RE: Mark Cuban, "spend it or lose it" idea.
May 17, 2020 at 11:40 pm
(This post was last modified: May 18, 2020 at 12:02 am by Brian37.)
(May 17, 2020 at 11:19 pm)arewethereyet Wrote: At least Cuban is offering a plan that doesn't include injecting disinfectant.
His idea is to get the money moving within the economy in an immediate and direct way.
It would have been nice to provide some sort of link.
https://www.forbes.com/sites/sethcohen/2...d99ea266b0
My friend most likely thinks Cuban is truly being altruistic, but if that were the case why wasn't he saying what billionaire Nick Hanauer was saying over a decade ago? Getting ahead of a problem is far more effective and cost efficient than waiting for something bad to happen then reacting.
Nick was being bluntly honest about his wealth, not apologizing for it, but also thinking long term in that worker stability matters. I don't see Mark Cuban thinking like that while saying use it or loose it. While the bandaid is unfortunately needed now, it still doesn't change the long term structural problems that will still exist even after a vaccine is found.
Point being we cant simply throw bandaids at everything everytime an economic disaster happens.
For now, but then what? Mark is simply going to go right back to doing what he has always done, and most in his class will, after this virus is gone, and it won't stop the next one.
Humans need to think long term, instead of short term. It isn't good enough, simply to keep repeating short term band aids, even if needed now.

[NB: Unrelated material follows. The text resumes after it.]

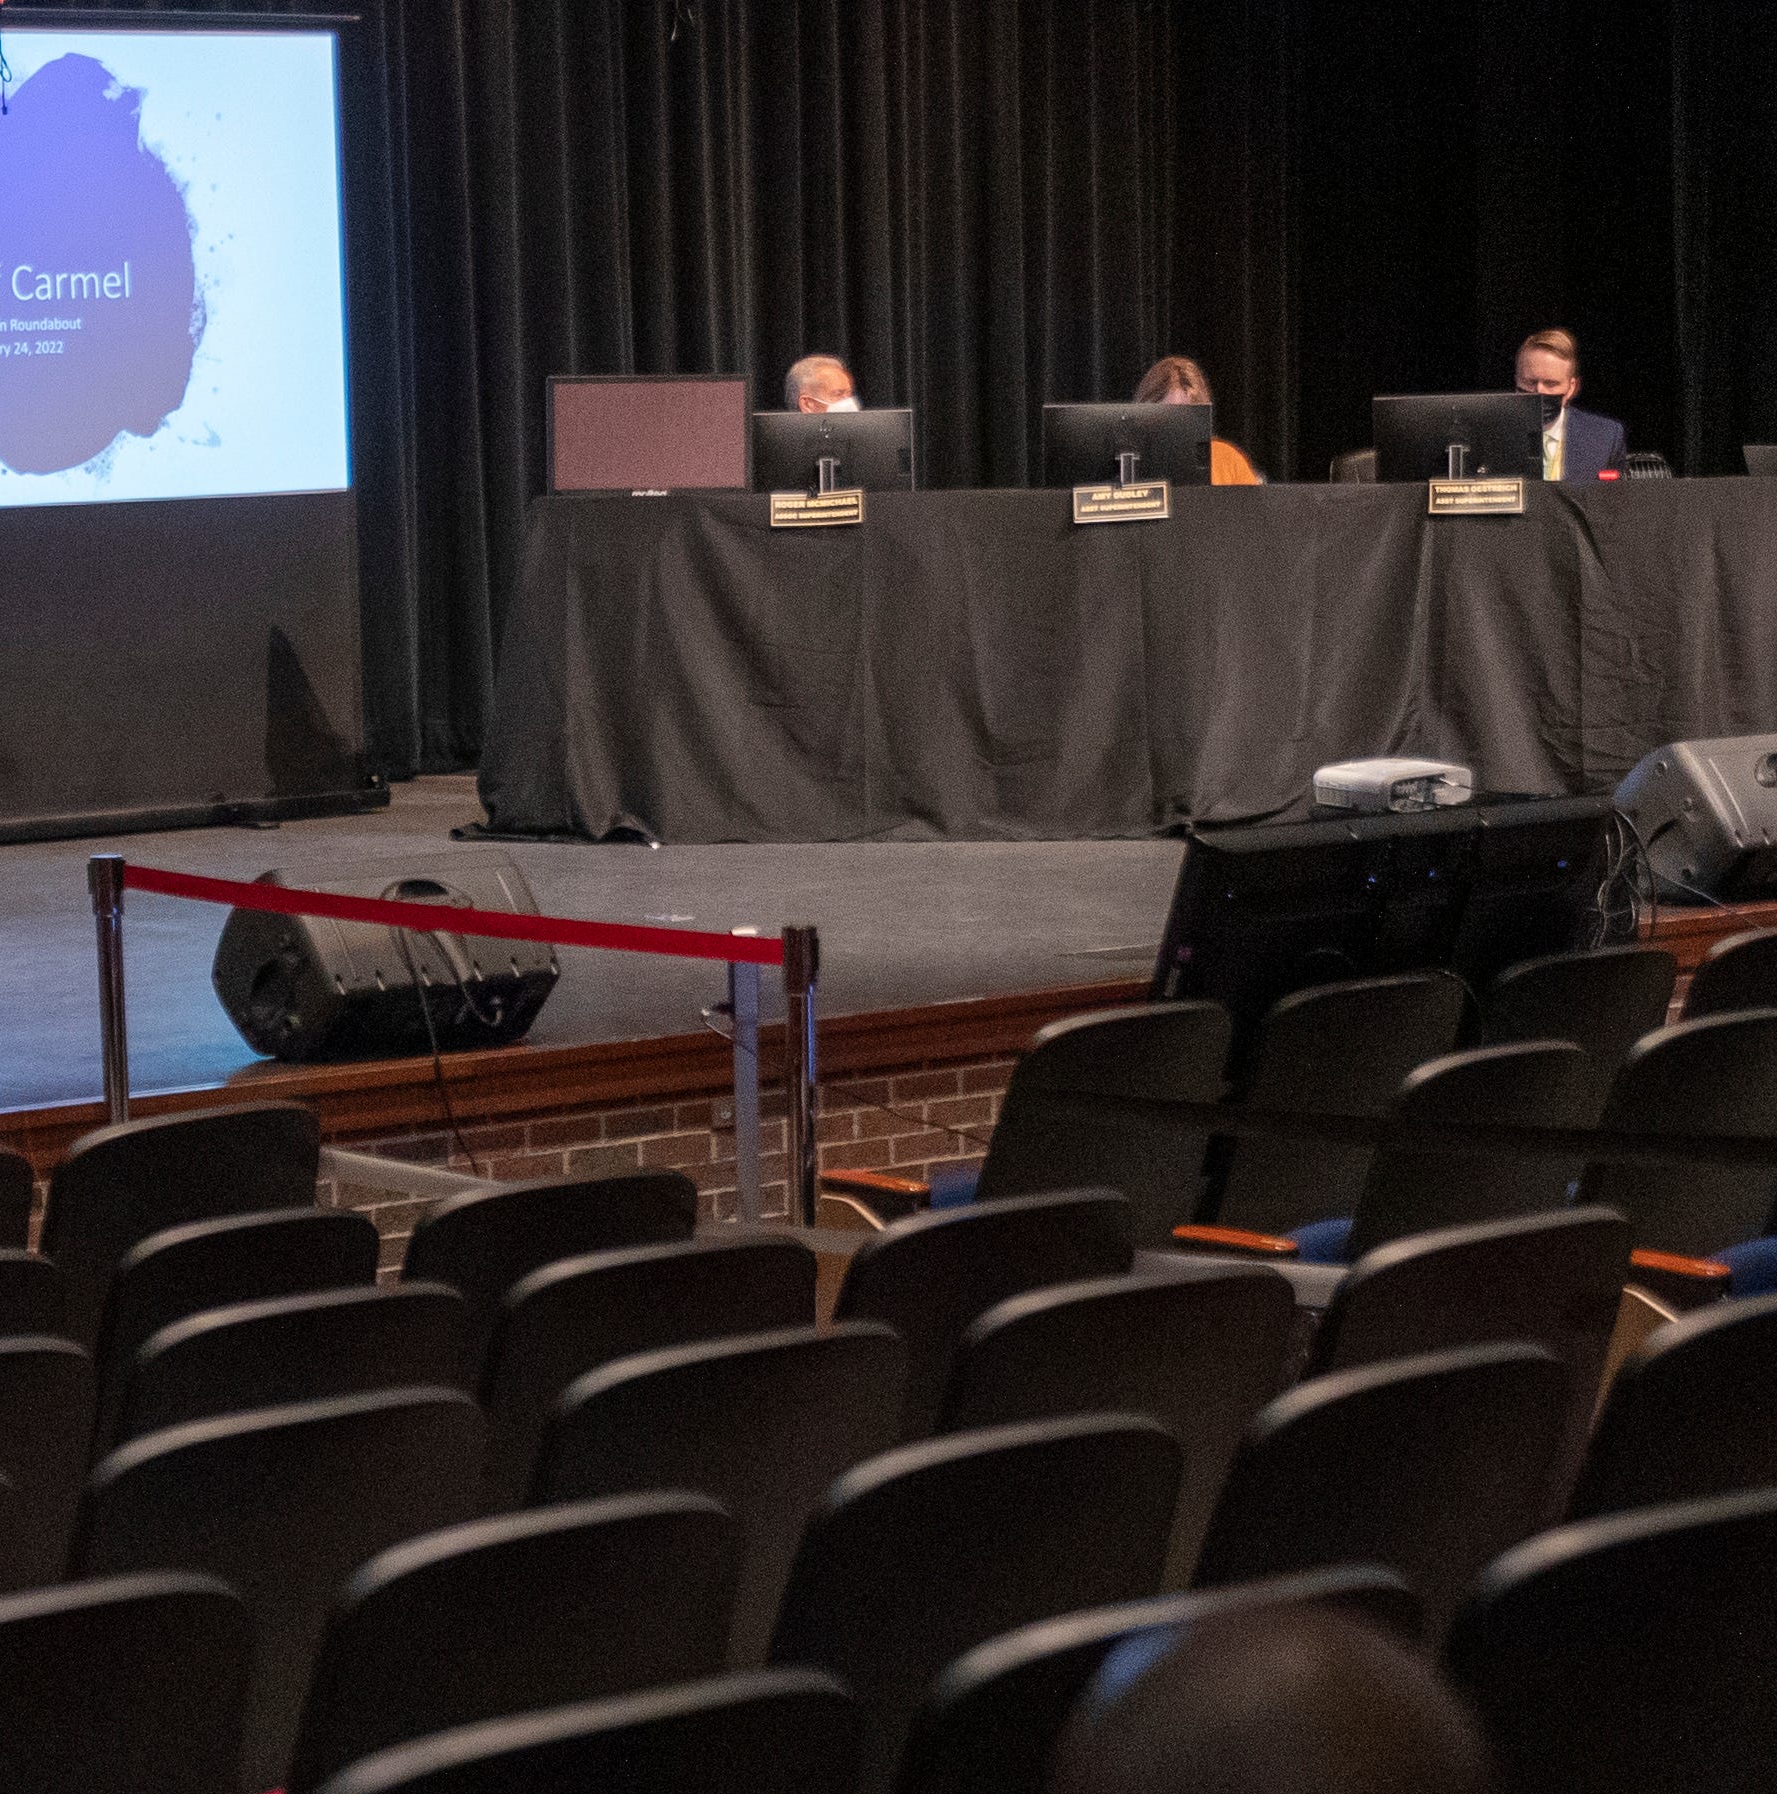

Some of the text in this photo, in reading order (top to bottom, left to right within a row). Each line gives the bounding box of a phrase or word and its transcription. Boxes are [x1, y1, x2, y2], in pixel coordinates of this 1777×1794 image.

[11, 261, 131, 301] Carmel
[9, 317, 82, 332] Roundabout
[13, 342, 32, 357] 24,
[35, 341, 64, 354] 2022

It still remains that the stock market is widely fluctuating and sometimes even going up despite high unemployment, and illness bankrupting more and more regardless of what the stock market does. The stock market doing well sometimes only means investors are doing well, and most of them are already billionaires and millionaires. And that is unsustainable long term.
I wish I could remember the guy's name who was on MSNBCs KasieDC show.
Long before this virus, this author was warning about "too big to fail" and giant companies constantly merging with other companies. Corporate farms are a prime example right now that this author brought up, as to why big is not always better. You have one company with a lopsided monopoly in that industry and it has to shut down, you have to work harder to find other sources. Tyson shutting down it's plant is a prime example. Because it is such a big company, that shutdown made meat harder to get and drives up prices for the meat that does make it to market. And farmers are stuck with excess livestock they now cant feed and have to put down.
This pandemic is proving the need for anti monopoly laws. Breaking companies that get too big up, insures that if one fails, they don't all fail.